• YOUR INSTRUCTIONS
Only the lines from the one that contains "this 2212×1659 image." through the final line of the entries should be repeated, exactly as written.

• INPUT RECORDS
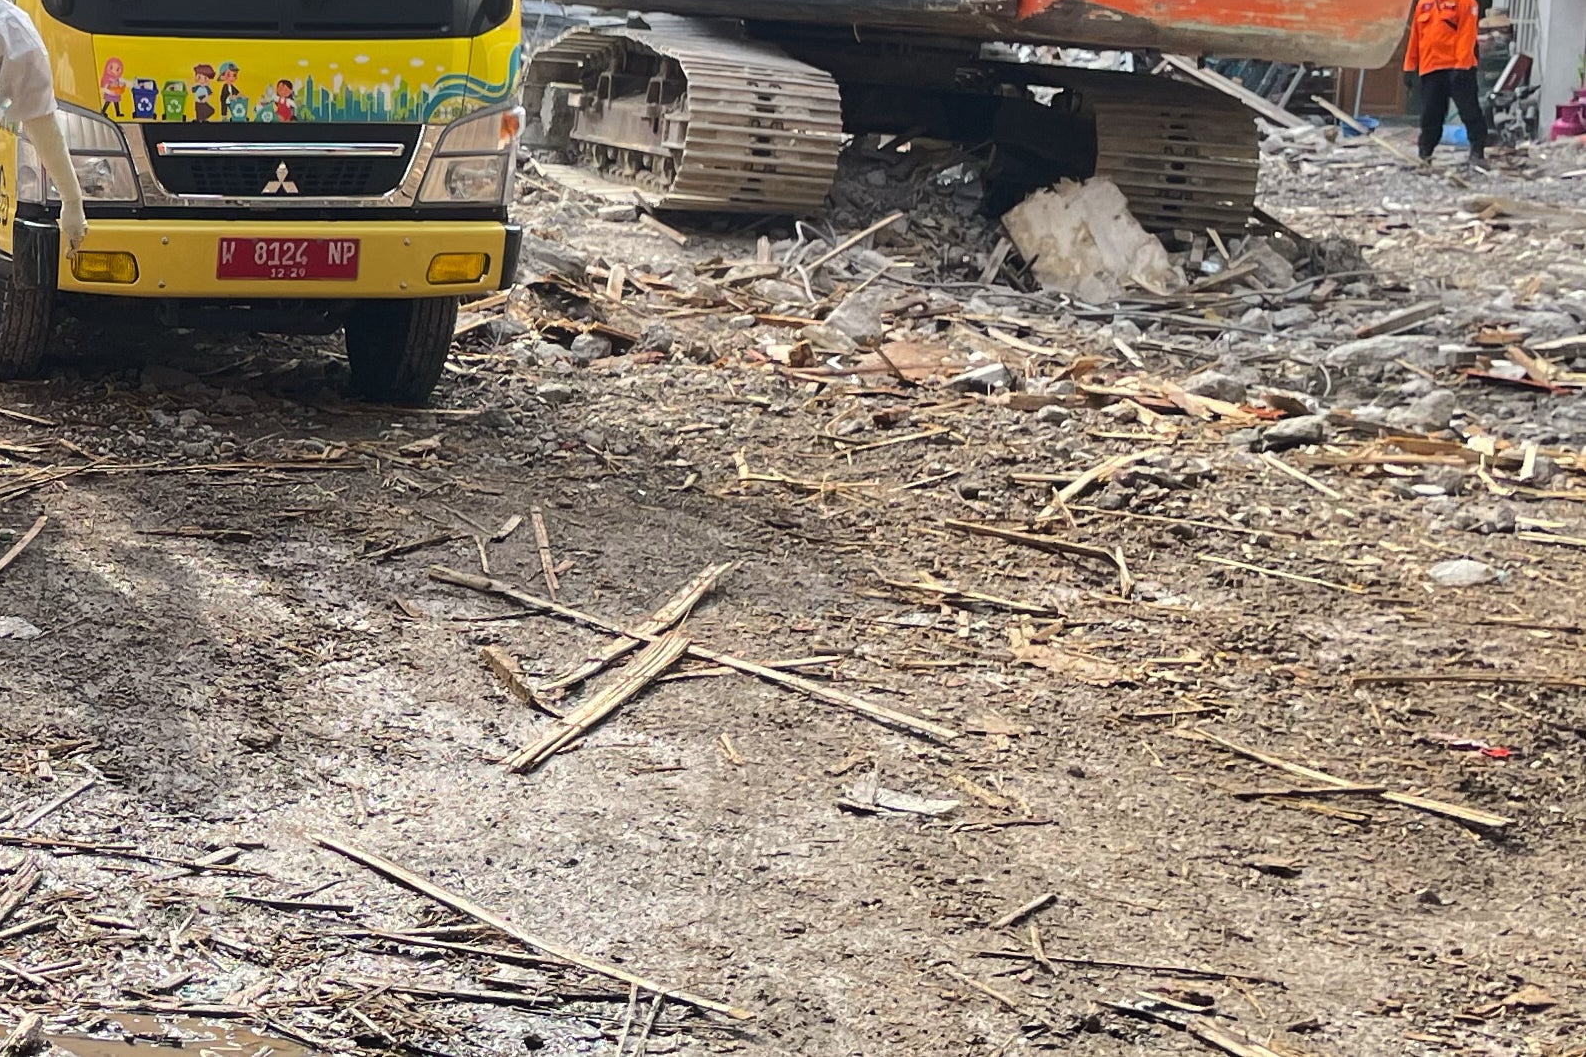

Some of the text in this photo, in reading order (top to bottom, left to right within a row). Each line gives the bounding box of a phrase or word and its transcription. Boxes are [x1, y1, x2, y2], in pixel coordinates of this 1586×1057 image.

[222, 241, 356, 266] W 8124 NP
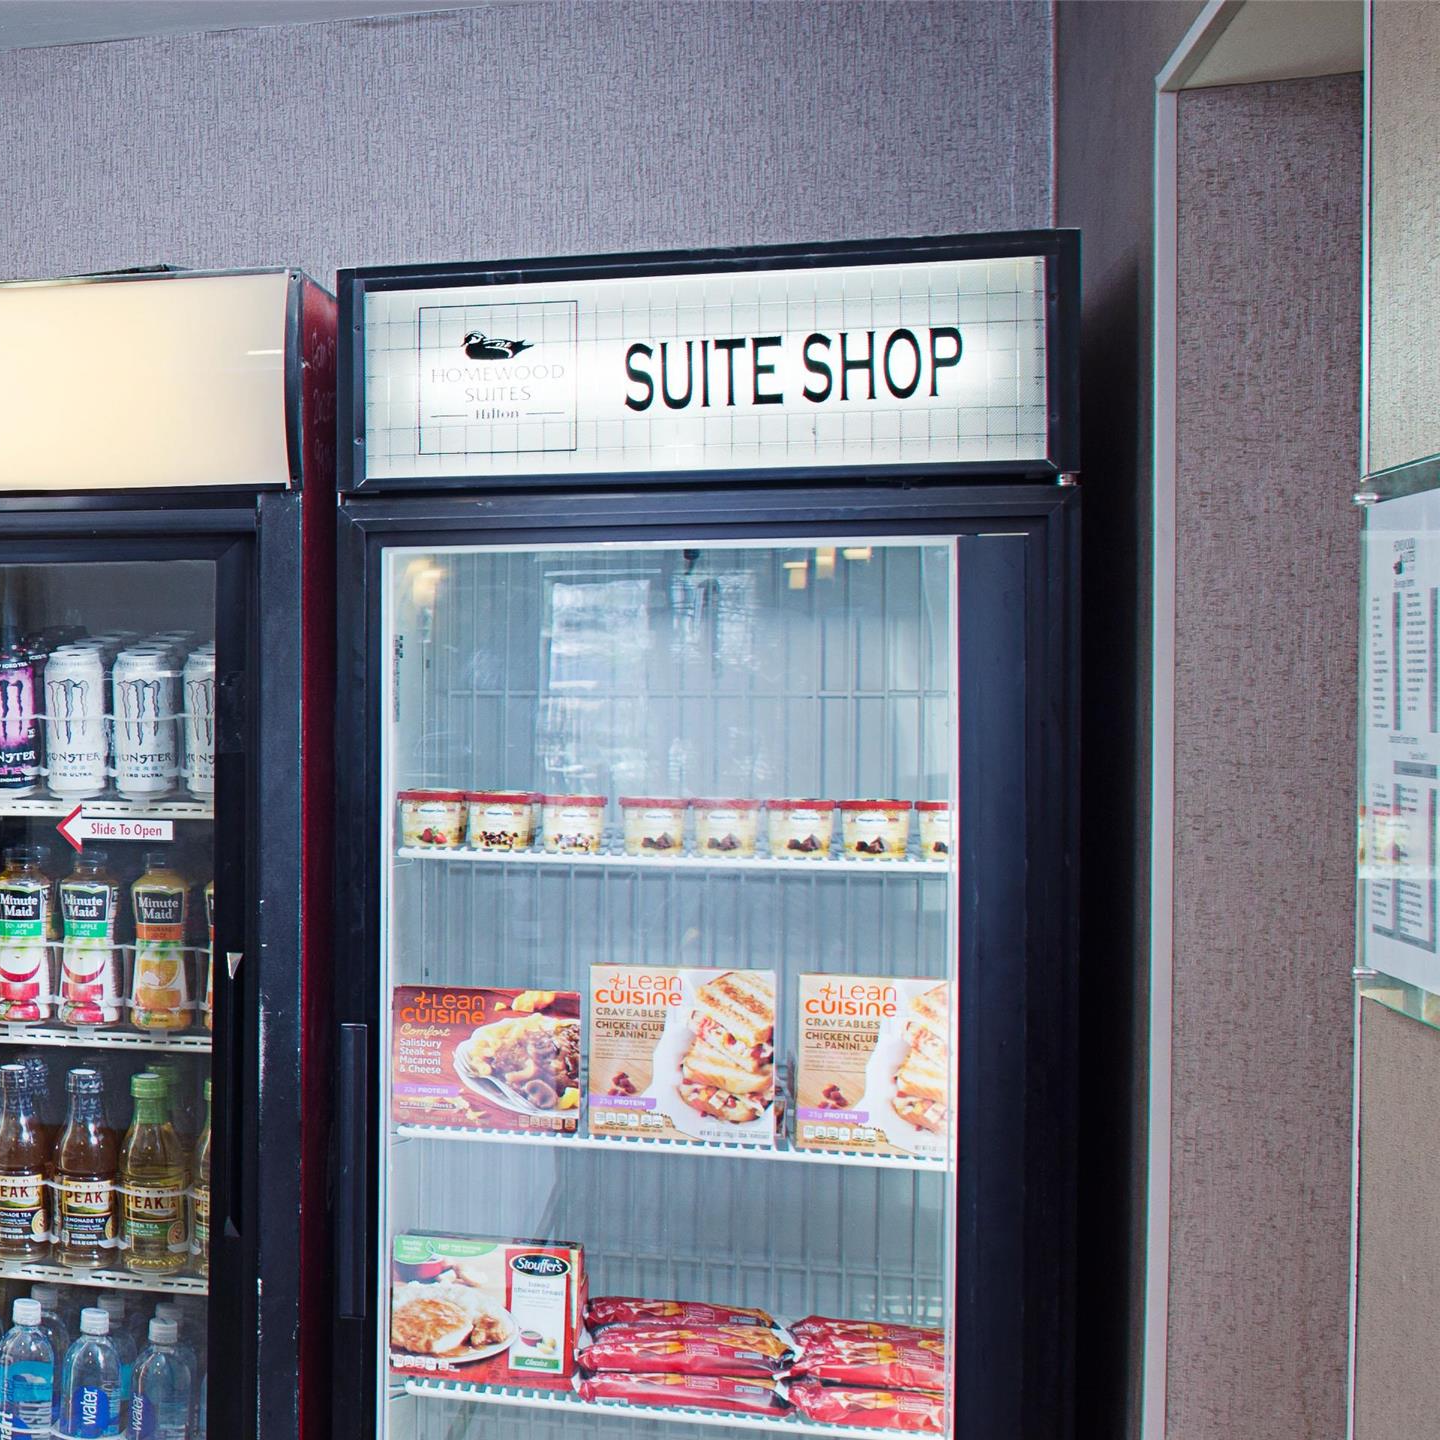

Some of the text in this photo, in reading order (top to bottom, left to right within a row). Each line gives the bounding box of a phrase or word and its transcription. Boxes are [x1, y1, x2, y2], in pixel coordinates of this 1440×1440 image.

[432, 364, 565, 383] HOMEWOOD
[626, 327, 963, 411] SUITE SHOP
[465, 385, 531, 402] SUITES
[475, 407, 519, 419] Hilton
[91, 823, 162, 838] Slide To Open
[0, 893, 38, 906] Minute
[64, 893, 103, 906] Minute
[138, 896, 178, 908] Minute
[5, 904, 34, 917] Maid
[69, 904, 99, 917] Maid
[143, 907, 173, 920] Maid
[627, 975, 682, 990] Lean
[839, 985, 897, 1000] Lean
[432, 994, 485, 1009] Lean
[596, 1008, 667, 1018] CRAVEABLES
[596, 1021, 665, 1032] CHICKEN CLUB
[806, 1018, 880, 1028] CRAVEABLES
[400, 1024, 450, 1038] Comfort
[613, 1030, 648, 1039] PANINI
[806, 1032, 879, 1043] CHICKEN CLUB
[399, 1039, 442, 1049] Salisbury
[824, 1041, 860, 1051] PANINI
[399, 1056, 441, 1065] Macaroni
[824, 1112, 858, 1120] PROTEIN
[66, 1191, 104, 1203] PEAK
[126, 1196, 164, 1209] PEAK
[517, 1257, 562, 1273] Stouffer's
[82, 1387, 98, 1426] water
[132, 1394, 143, 1431] water
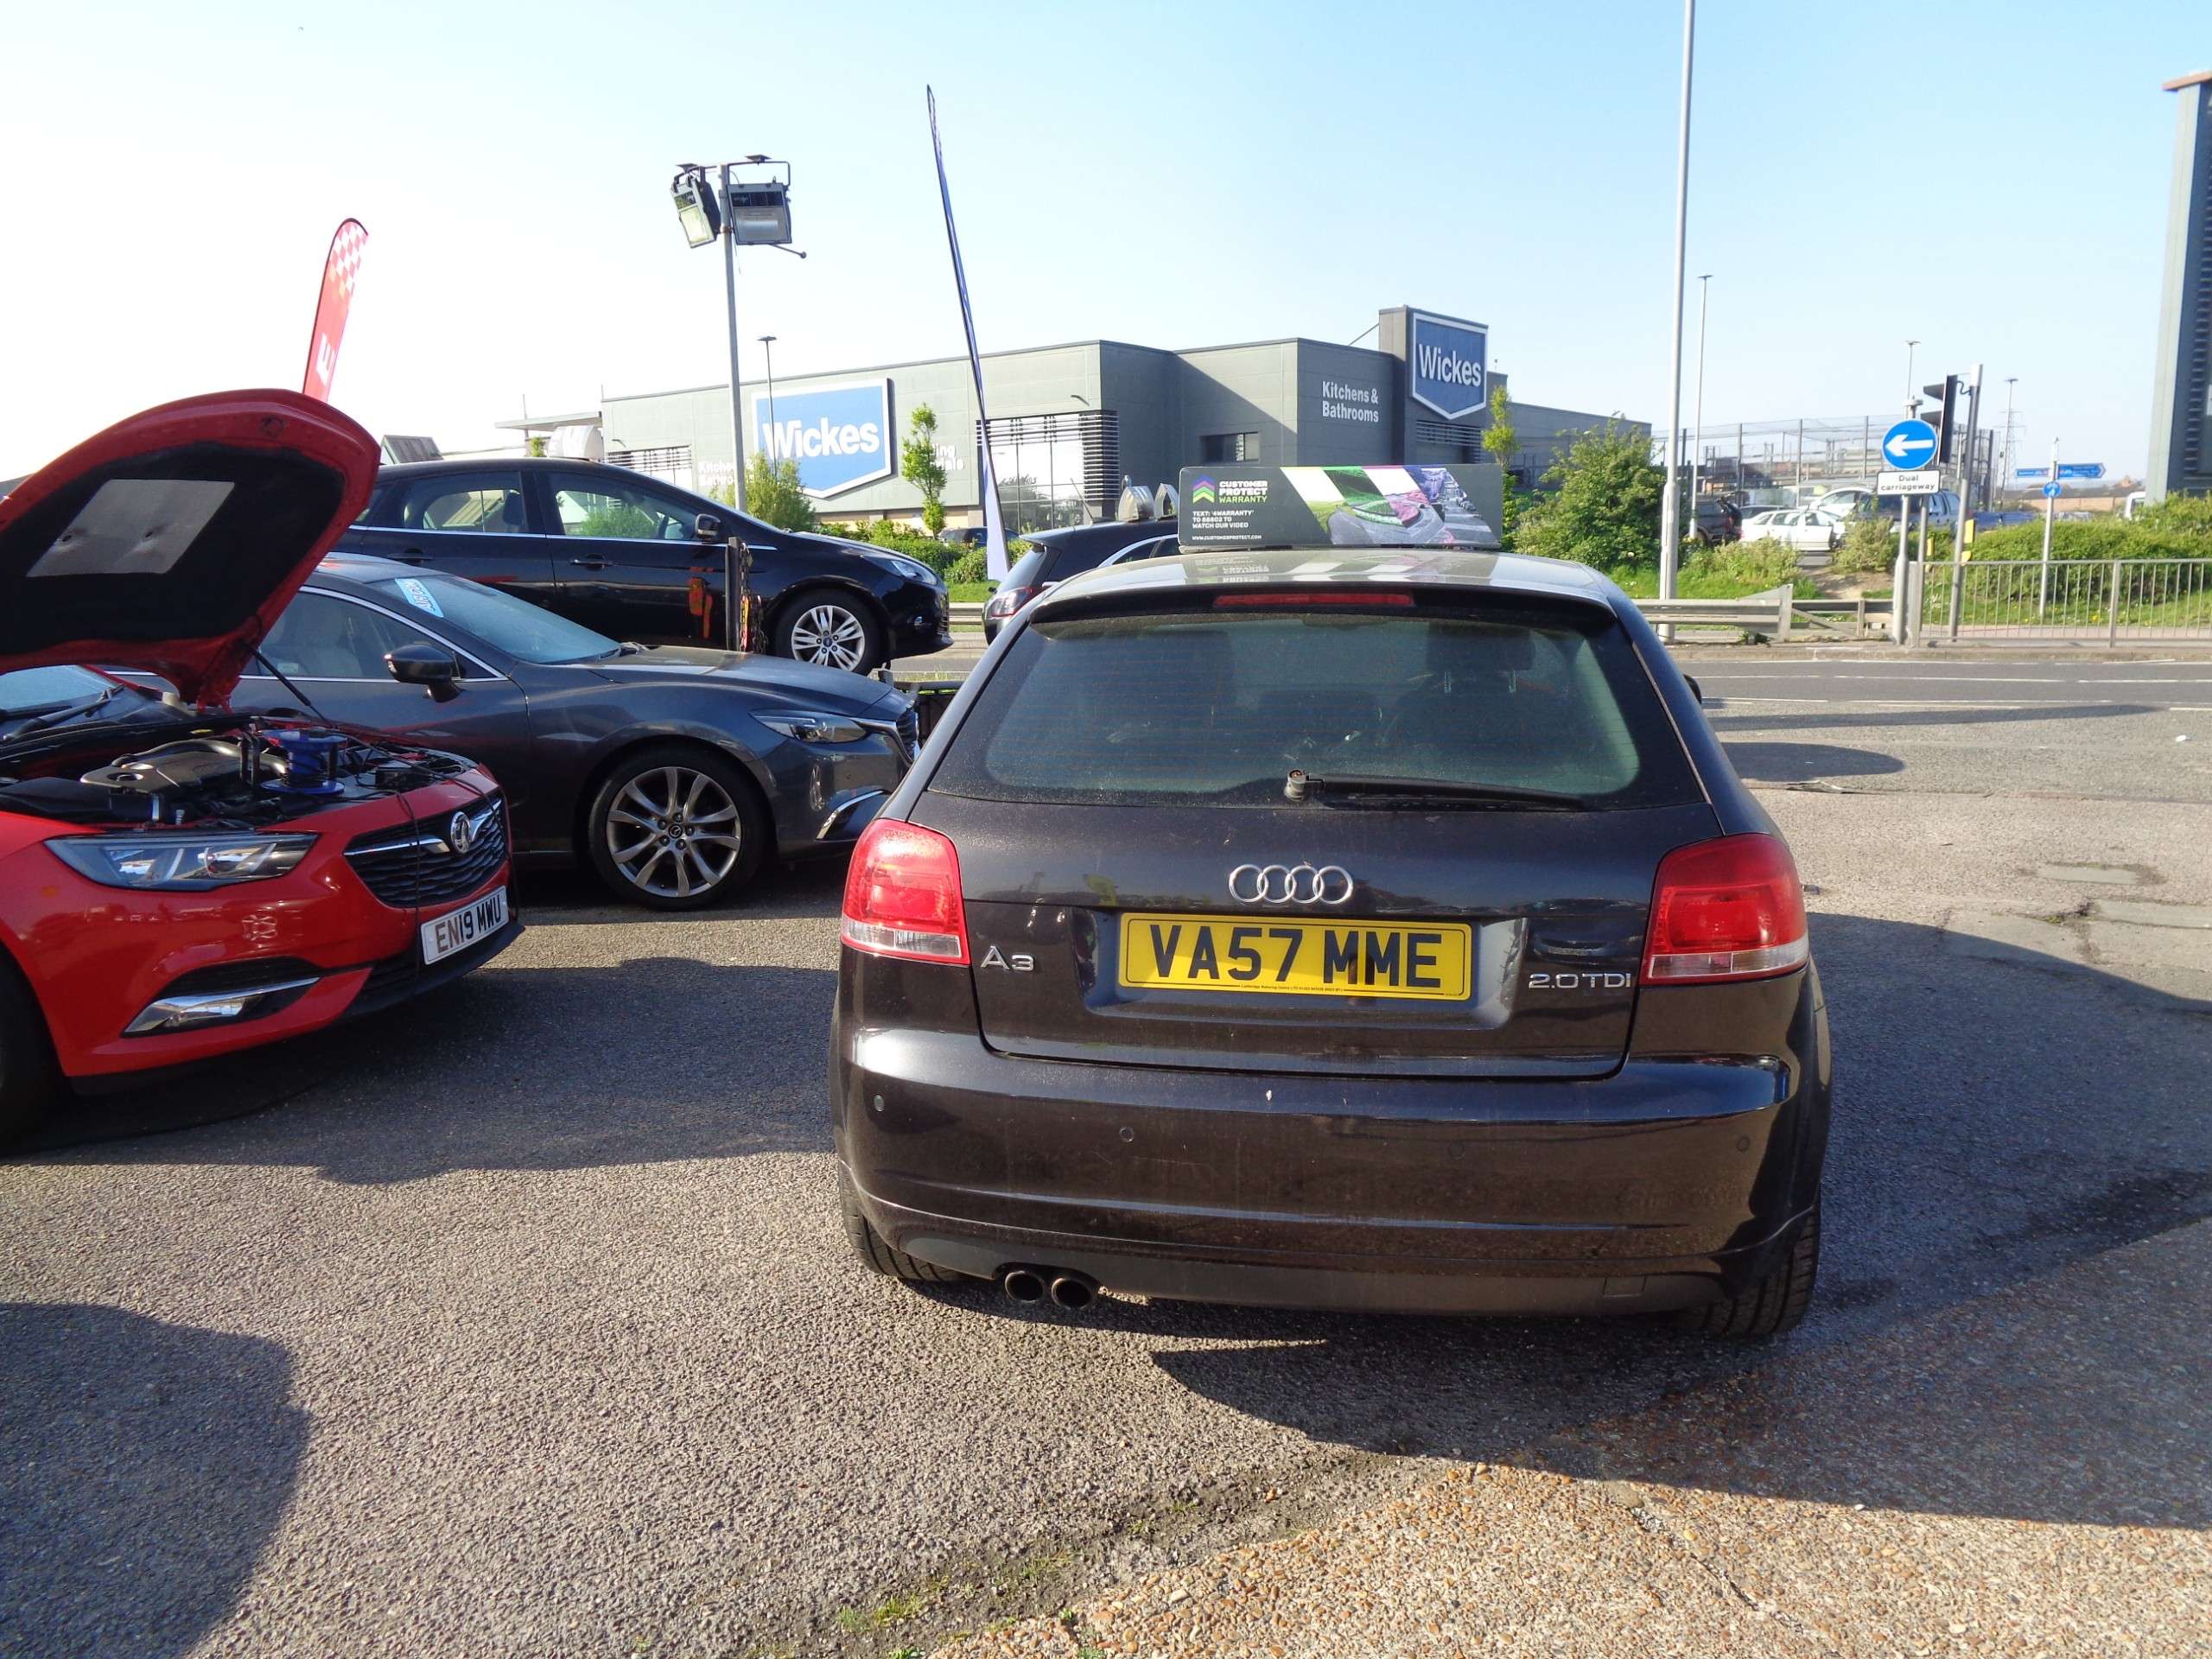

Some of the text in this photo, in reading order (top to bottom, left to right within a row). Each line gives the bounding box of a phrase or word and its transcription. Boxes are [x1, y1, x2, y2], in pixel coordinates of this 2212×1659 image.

[1418, 343, 1482, 387] Wickes
[1322, 381, 1378, 404] Kitchens &
[1322, 401, 1378, 423] Bathrooms
[762, 417, 880, 461] Wickes
[435, 911, 474, 953] EN19
[981, 945, 1034, 971] A3
[1149, 925, 1442, 988] VA57 MME

• EXPECTED ANSWER
Some of the text in this photo, in reading order (top to bottom, left to right within a row). Each line gives the bounding box of a phrase or word and its transcription. Boxes are [x1, y1, x2, y2], in pixel coordinates of this 2212×1659 image.

[1418, 343, 1482, 387] Wickes
[1322, 381, 1378, 404] Kitchens &
[1322, 401, 1378, 423] Bathrooms
[762, 417, 880, 461] Wickes
[435, 911, 474, 953] EN19
[981, 945, 1034, 971] A3
[1149, 925, 1442, 988] VA57 MME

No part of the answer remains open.